Work task: Word-for-word transcription needed. Include every entry below but no pictures.

(Records from a data source)
[Start of section]

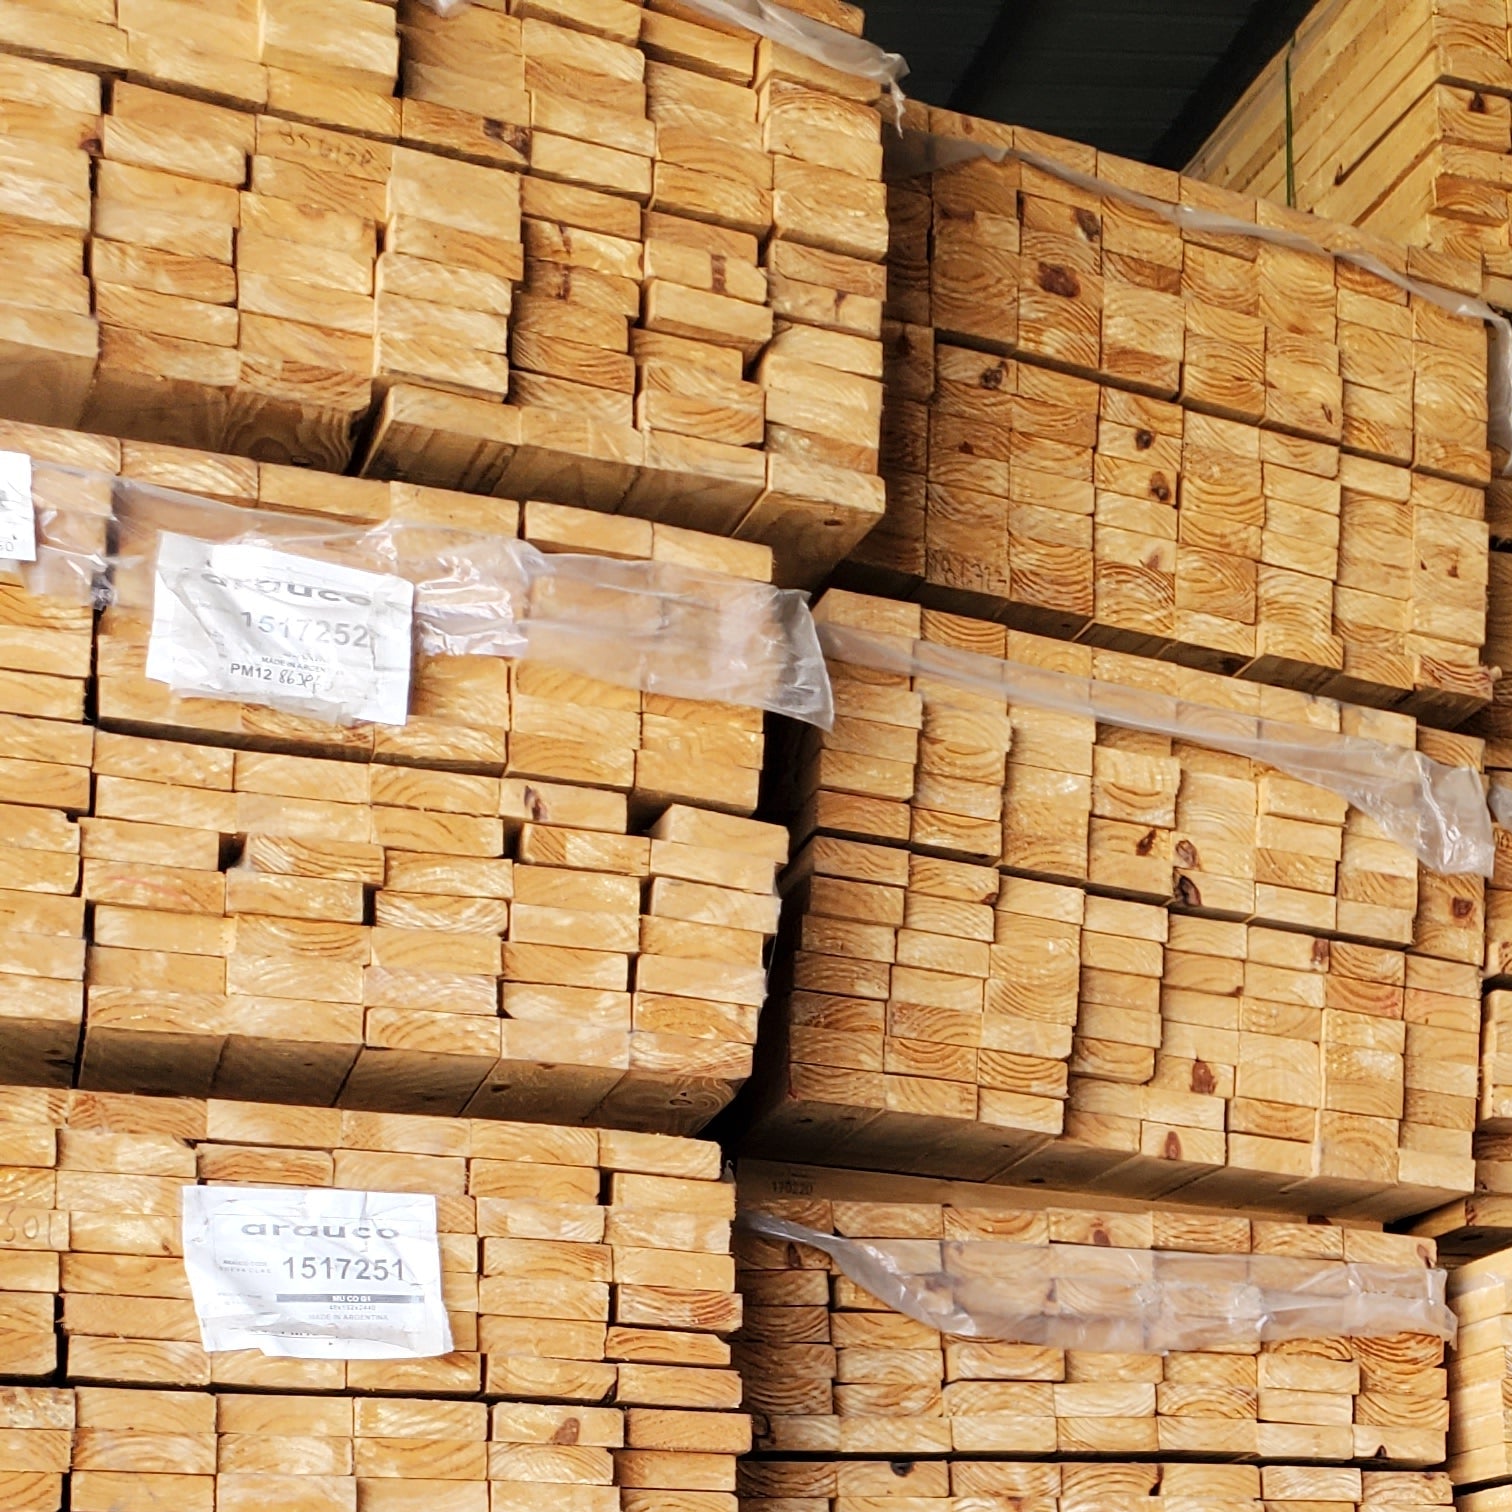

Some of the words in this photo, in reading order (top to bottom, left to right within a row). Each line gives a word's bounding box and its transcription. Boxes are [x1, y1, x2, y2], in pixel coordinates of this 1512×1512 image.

[240, 611, 371, 649] 1517252
[230, 663, 273, 681] PM12
[241, 1222, 400, 1240] arauco
[282, 1256, 404, 1282] 1517251

[End of section]

Reply:
Some of the words in this photo, in reading order (top to bottom, left to right within a row). Each line gives a word's bounding box and its transcription. Boxes are [x1, y1, x2, y2], in pixel coordinates of this 1512×1512 image.

[240, 611, 371, 649] 1517252
[230, 663, 273, 681] PM12
[241, 1222, 400, 1240] arauco
[282, 1256, 404, 1282] 1517251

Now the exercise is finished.